Companies

Safety-Kleen Keeps Q3 Profit Margin Firm Despite Base Oil Drop

Iain Pocock

  • Profit margin stays well above two-year average

  • Margin gets support from higher lube sales share, Group III output

  • Clean Harbors to build unit to convert byproduct into N600

Safety-Kleen Sustainability Solutions (SKSS), the largest base oils re-refiner in the US, maintained robust profit margins in the third quarter of the year even as domestic base oils prices softened.

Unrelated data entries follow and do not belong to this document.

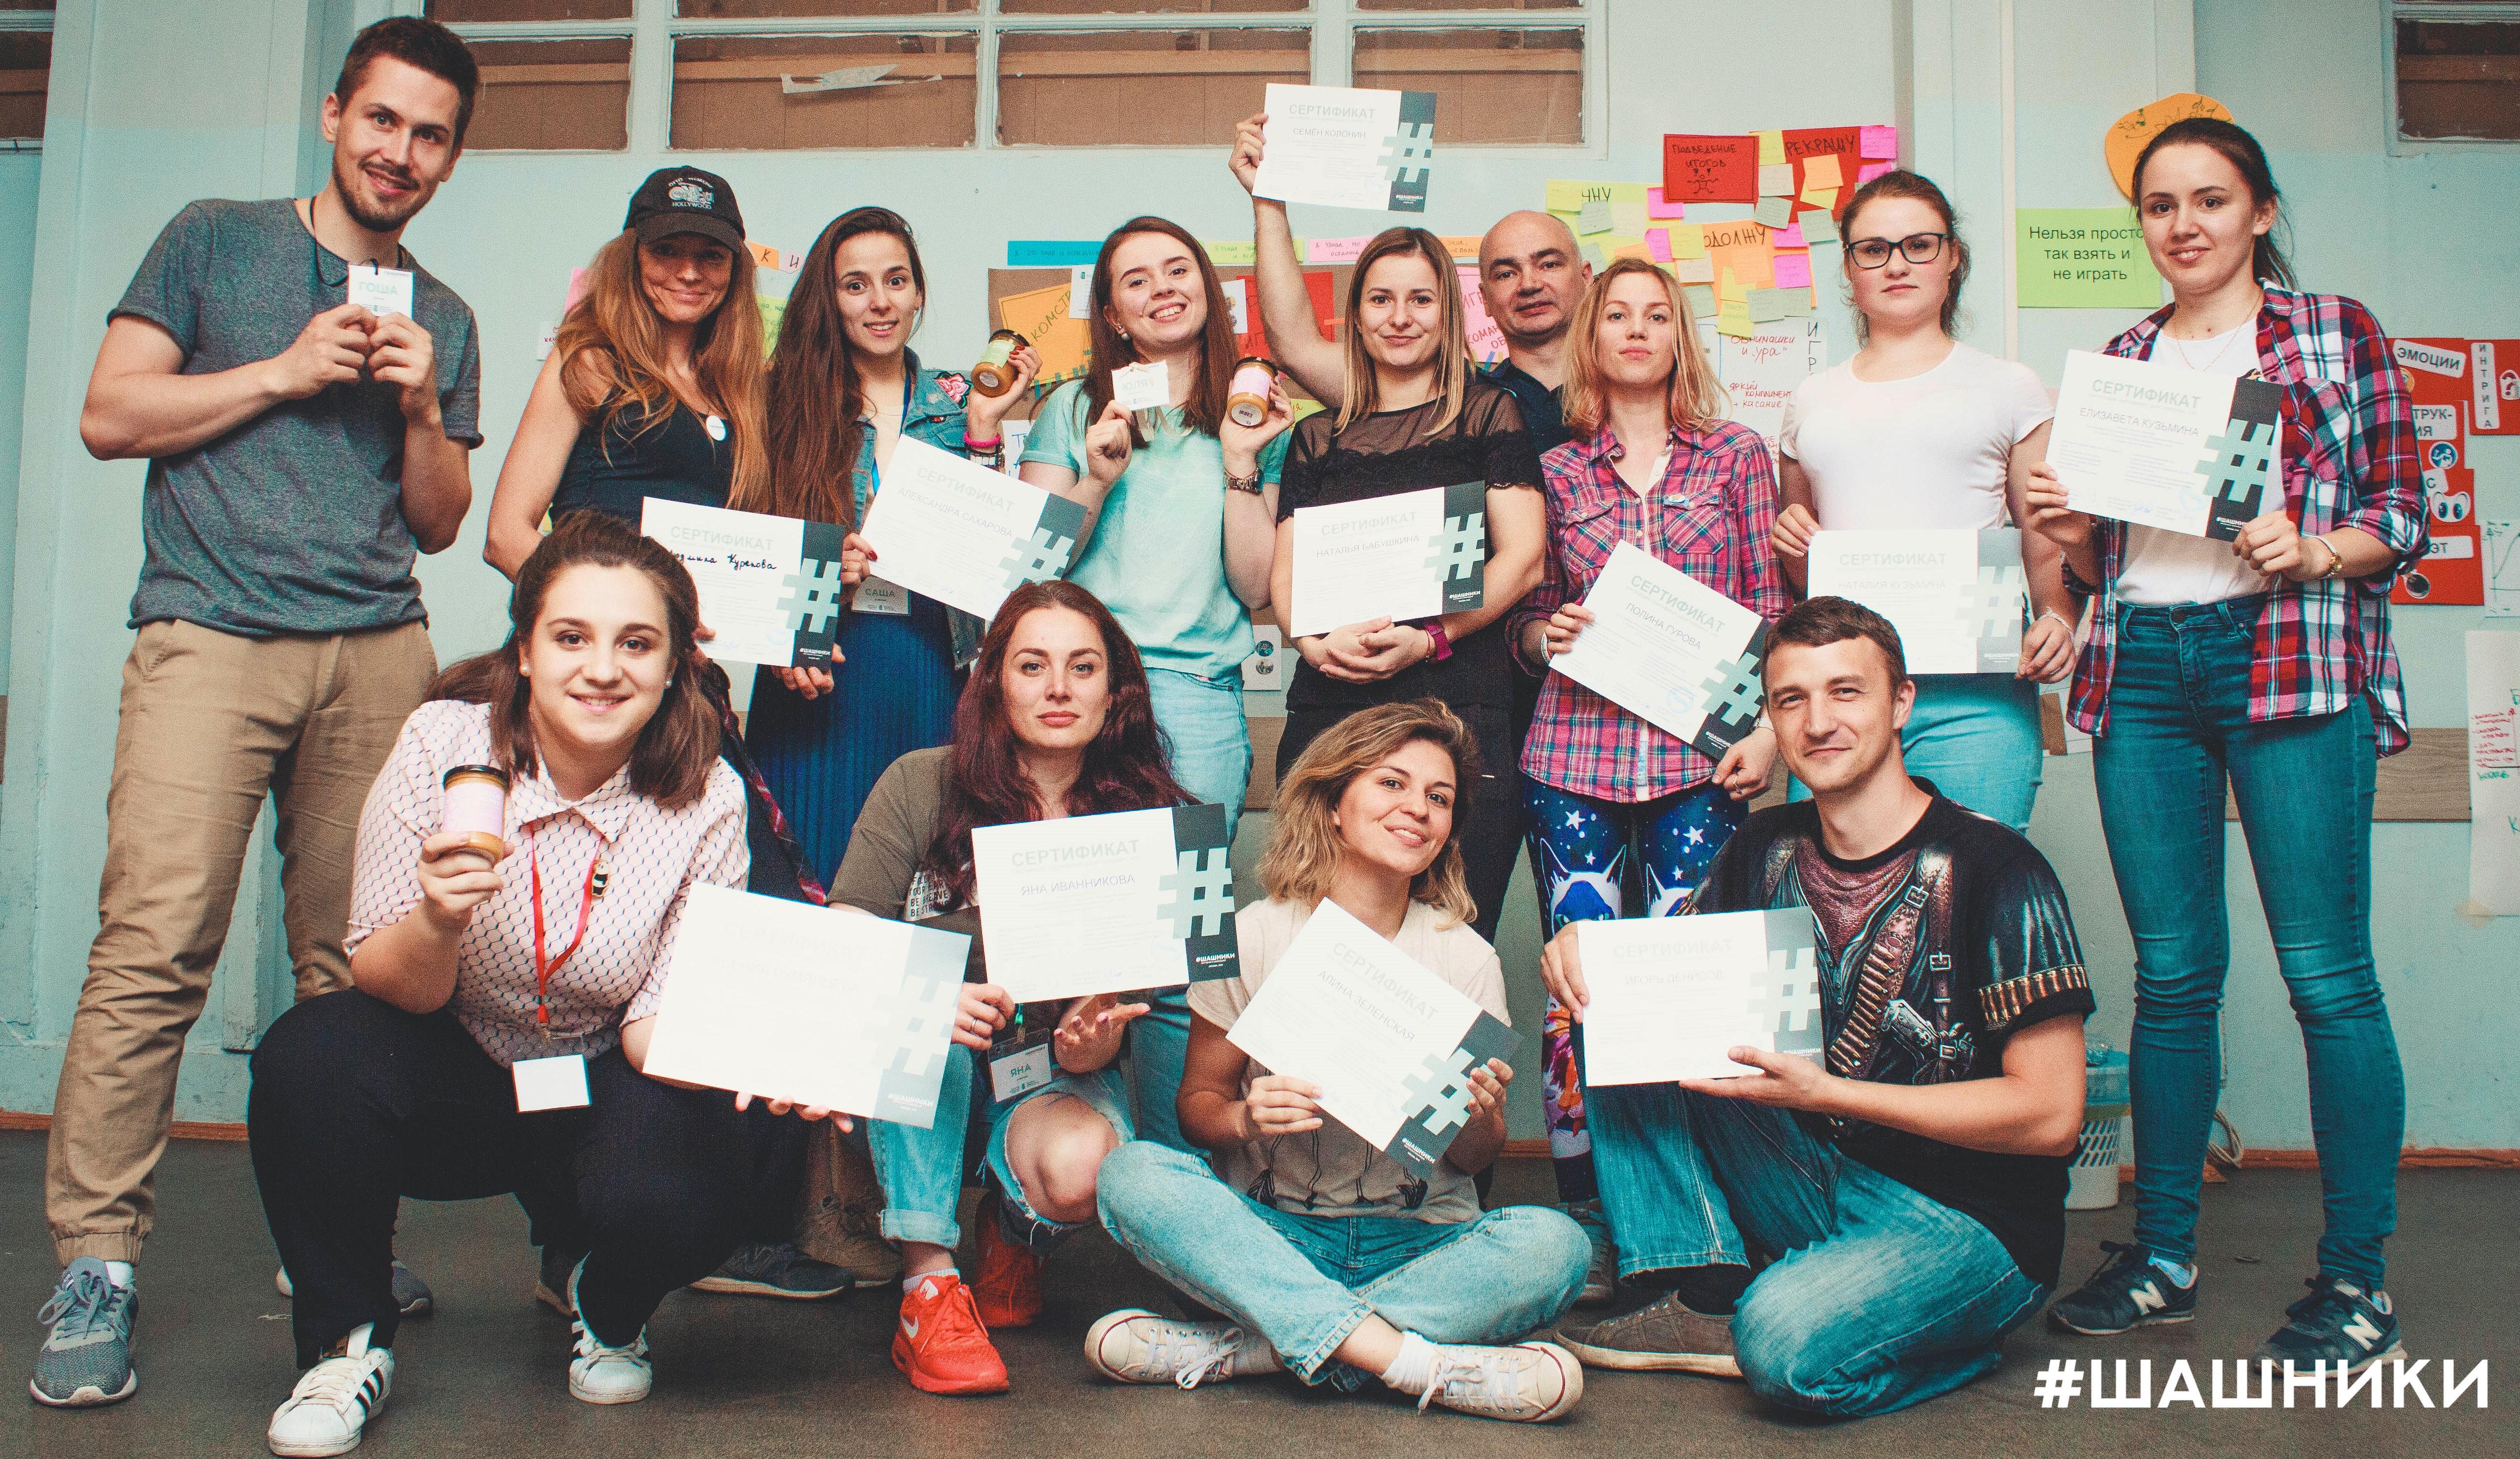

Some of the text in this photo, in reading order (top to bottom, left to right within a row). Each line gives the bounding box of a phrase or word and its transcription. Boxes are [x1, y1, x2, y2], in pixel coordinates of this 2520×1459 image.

[1289, 104, 1376, 119] СЕРТИФИКАТ
[1293, 128, 1366, 139] СЕМЁН КОЛОНИН
[672, 201, 713, 210] HOLLYWOOD
[1704, 227, 1767, 248] ОДОЛЖУ
[2030, 227, 2144, 243] Нельзя просто
[2045, 249, 2130, 260] так взять и
[2053, 269, 2127, 283] не играть
[358, 281, 399, 296] ГОША
[2397, 347, 2461, 371] ЭМОЦИИ
[1122, 379, 1148, 391] ЮЛЯ
[2092, 379, 2201, 409] СЕРТИФИКАТ
[2478, 343, 2493, 428] ИНТРИГА
[2079, 407, 2199, 437] ЕЛИЗАВЕТА КУЗЬМИНА
[2412, 408, 2453, 420] ТРУК-
[917, 466, 1015, 512] СЕРТИФИКАТ
[897, 487, 1013, 537] АЛЕКСАНДРА САХАРОВА
[1321, 511, 1417, 536] СЕРТИФИКАТ
[670, 526, 774, 551] СЕРТИФИКАТ
[1316, 535, 1420, 558] НАТАЛЬЯ БАБУШКИНА
[1839, 553, 1947, 565] СЕРТИФИКАТ
[865, 588, 895, 596] САША
[1449, 590, 1481, 599] #ШАШНИКИ
[1839, 580, 1946, 589] НАТАЛИЯ КУЗЬМИНА
[1631, 575, 1726, 632] СЕРТИФИКАТ
[1626, 603, 1702, 650] ПОЛИНА ГУРОВА
[1011, 839, 1139, 867] СЕРТИФИКАТ
[1021, 874, 1136, 896] ЯНА ИВАННИКОВА
[1195, 952, 1235, 963] #ШАШНИКИ
[1613, 938, 1733, 959] СЕРТИФИКАТ
[1333, 942, 1439, 1021] СЕРТИФИКАТ
[1625, 970, 1724, 986] ИГОРЬ ДЕНИСОВ
[1317, 970, 1415, 1043] АЛИНА ЗЕЛЕНСКАЯ
[1010, 1064, 1032, 1077] ЯНА

SKSS’ EBITDA margin came to 18.8% in the three months to end-September.

Margin holds firm

Margins held well above the sub-17% average levels of the past two years even as they edged down from 19.4% during the second quarter.

Profit margin held firm even as domestic US base oils prices edged lower during the third quarter of the year in the face of weaker supply-demand fundamentals.

SKSS offset the price-weakness by lowering its waste-oil collection costs and improving its product-mix, Clean Harbors said in a statement.

SKSS is a unit of Clean Harbors.

The improvements included increasing its sales of higher-value direct lubricants as a share of total volume and expanding output of its Group III base oils.

Those supplies benefited from a rising price-premium to Group II base oils.

Clean Harbors also announced a major upgrade to capture more value from its re-refinery byproducts.

A new unit will convert vacuum tower asphalt extender (VTAE) byproduct into Group II N600 base oils, with commercial launch targeted for 2028.

It currently sells VTAE into the roofing and paving markets.